* **WHAT IS NEEDED**:
Could you restate all of the records exactly, leaving out the pictures?

* **RECORDS FOR THIS TASK**:
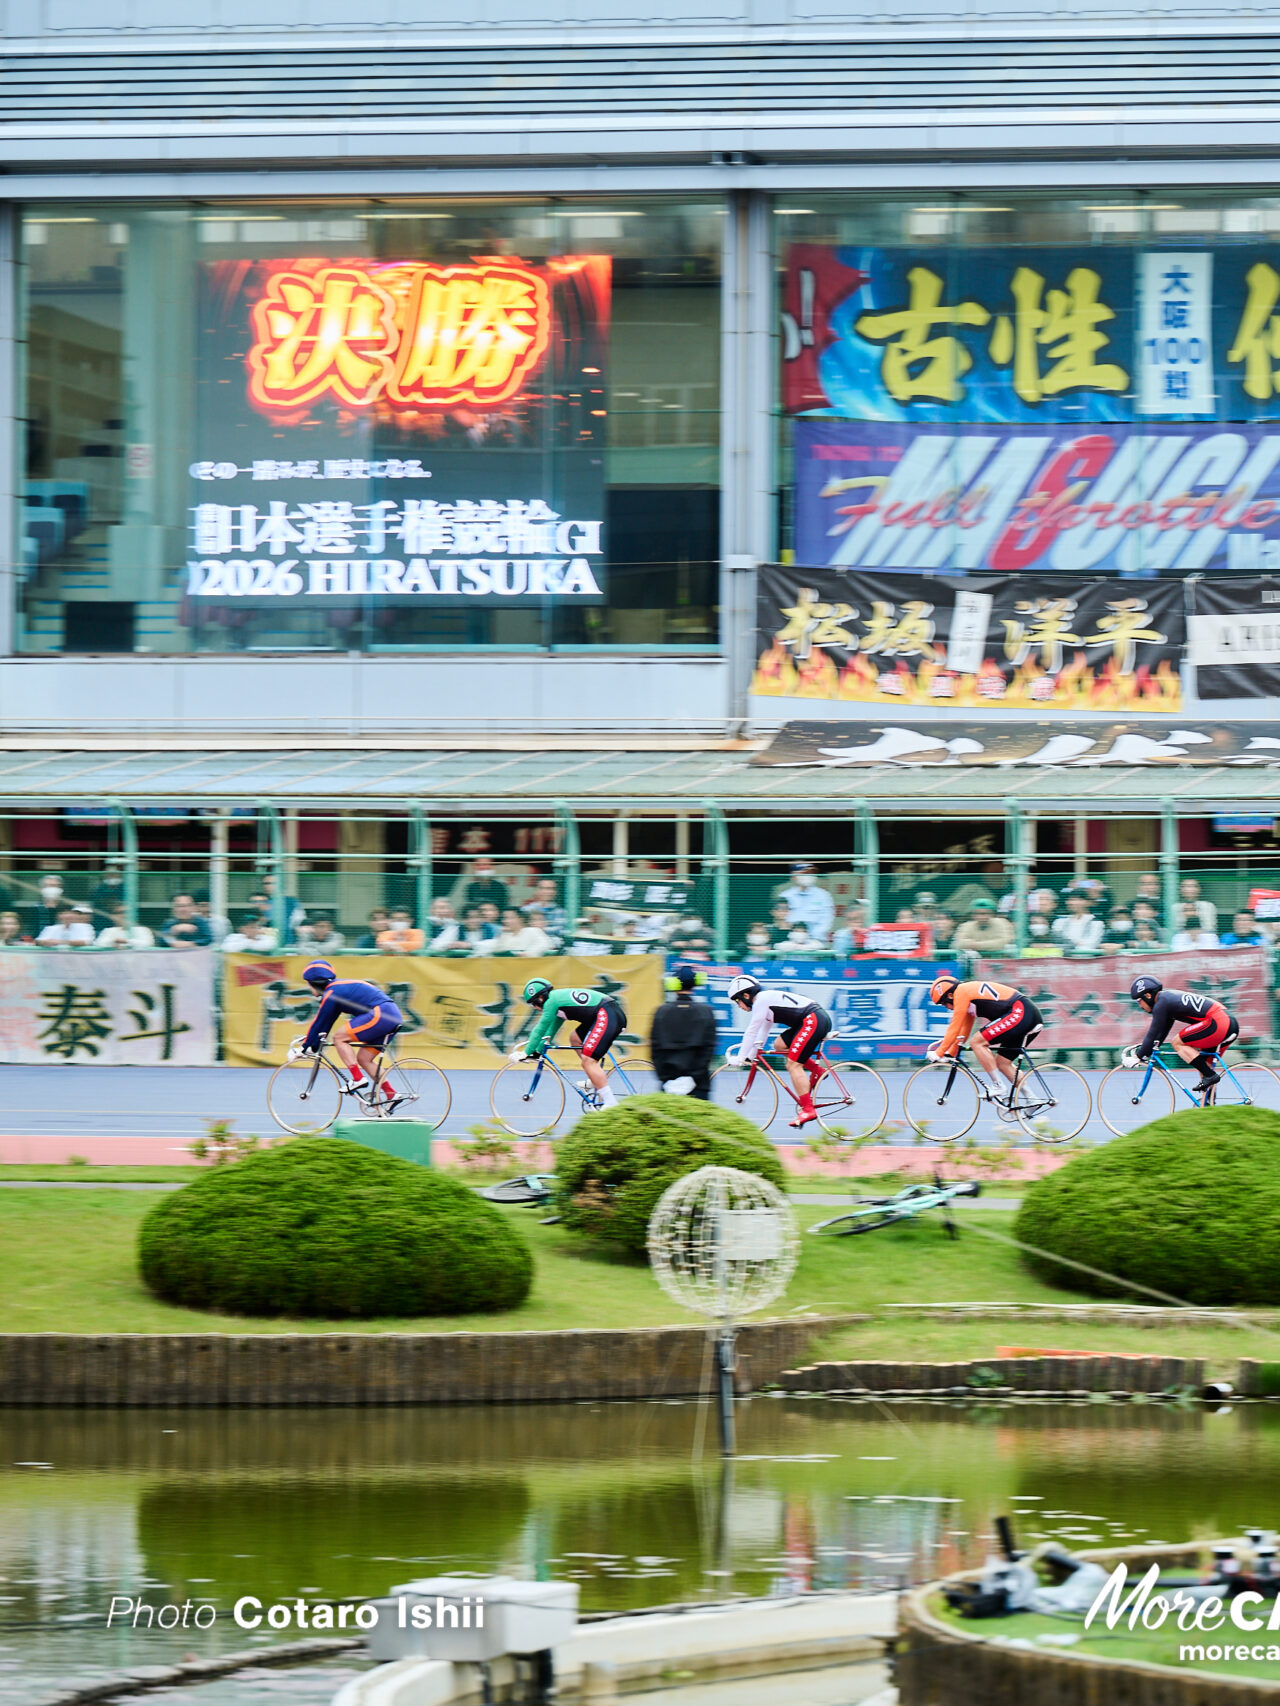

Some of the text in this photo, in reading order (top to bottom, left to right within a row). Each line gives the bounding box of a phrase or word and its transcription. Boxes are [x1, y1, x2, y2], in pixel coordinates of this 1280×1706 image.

[254, 267, 546, 402] 決勝
[856, 265, 1130, 403] 古性
[188, 558, 604, 596] 2026 HIRATSUKA
[776, 588, 946, 666] 松坂
[1001, 598, 1168, 675] 洋平
[572, 991, 590, 1006] 6
[782, 993, 799, 1006] 1
[979, 983, 1000, 1001] 7
[1136, 977, 1146, 993] 2
[1181, 992, 1205, 1012] 2
[36, 984, 191, 1060] 泰斗
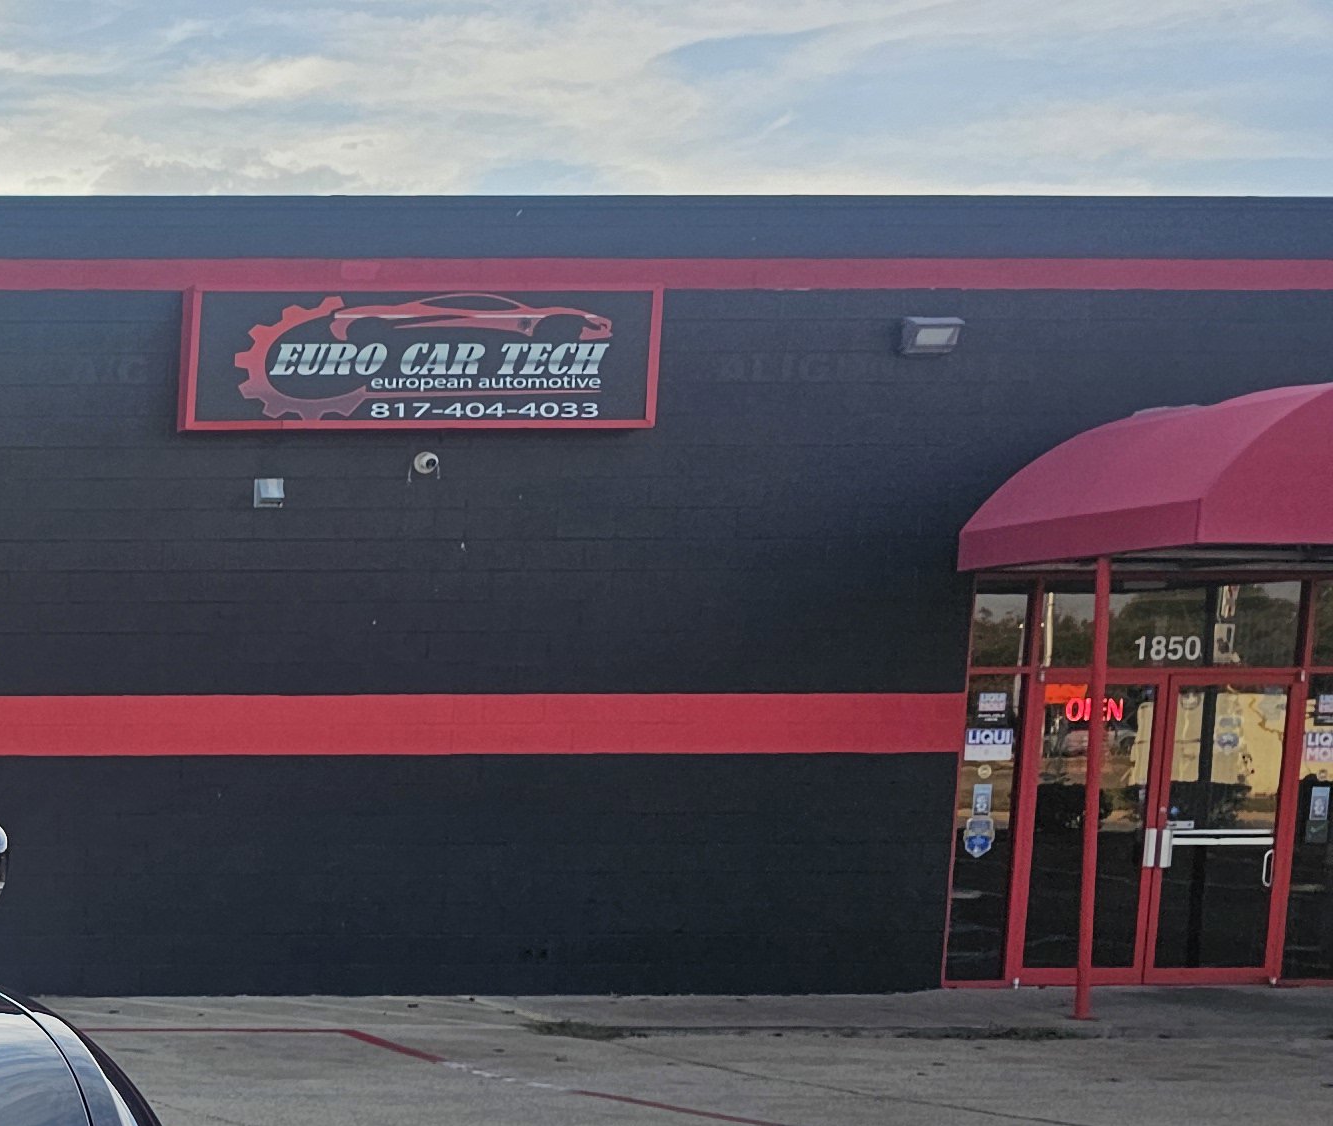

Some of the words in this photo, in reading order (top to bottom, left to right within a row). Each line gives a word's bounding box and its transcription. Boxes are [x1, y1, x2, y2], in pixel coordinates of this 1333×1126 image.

[269, 343, 387, 375] EURO
[399, 343, 485, 375] CAR
[497, 343, 609, 375] TECH
[370, 376, 472, 391] european
[479, 375, 601, 389] automotive
[370, 402, 599, 418] 817-404-4033
[1135, 635, 1201, 660] 1850
[968, 729, 1011, 744] LIQUI
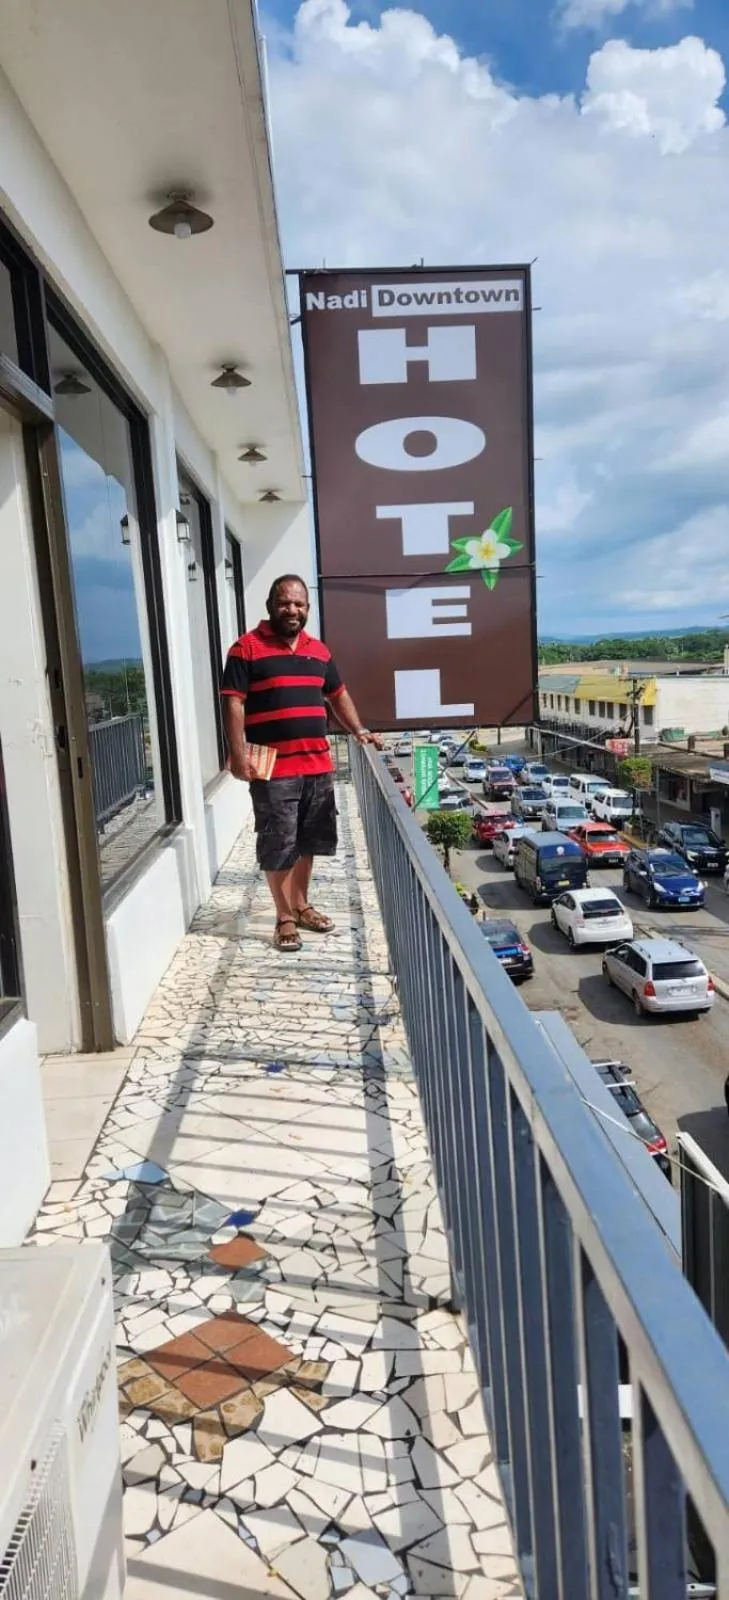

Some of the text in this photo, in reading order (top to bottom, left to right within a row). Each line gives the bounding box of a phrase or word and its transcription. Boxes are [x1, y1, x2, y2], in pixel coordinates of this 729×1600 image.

[306, 286, 520, 311] Nadi Downtown
[355, 324, 486, 719] HOTEL

* **EXERCISE OUTPUT**:
Some of the text in this photo, in reading order (top to bottom, left to right within a row). Each line gives the bounding box of a phrase or word and its transcription. Boxes are [x1, y1, x2, y2], in pixel coordinates of this 1280×1706 image.

[254, 267, 546, 402] 決勝
[856, 265, 1130, 403] 古性
[188, 558, 604, 596] 2026 HIRATSUKA
[776, 588, 946, 666] 松坂
[1001, 598, 1168, 675] 洋平
[572, 991, 590, 1006] 6
[782, 993, 799, 1006] 1
[979, 983, 1000, 1001] 7
[1136, 977, 1146, 993] 2
[1181, 992, 1205, 1012] 2
[36, 984, 191, 1060] 泰斗

Some of the words in this photo, in reading order (top to bottom, left to right within a row). Each line gives a word's bounding box and its transcription. Boxes are [x1, y1, x2, y2], in pixel coordinates of this 1333×1126 image.

[269, 343, 387, 375] EURO
[399, 343, 485, 375] CAR
[497, 343, 609, 375] TECH
[370, 376, 472, 391] european
[479, 375, 601, 389] automotive
[370, 402, 599, 418] 817-404-4033
[1135, 635, 1201, 660] 1850
[968, 729, 1011, 744] LIQUI

Some of the text in this photo, in reading order (top to bottom, left to right within a row). Each line gives the bounding box of a phrase or word and its transcription. Boxes are [x1, y1, x2, y2], in pixel coordinates of this 729×1600 image.

[306, 286, 520, 311] Nadi Downtown
[355, 324, 486, 719] HOTEL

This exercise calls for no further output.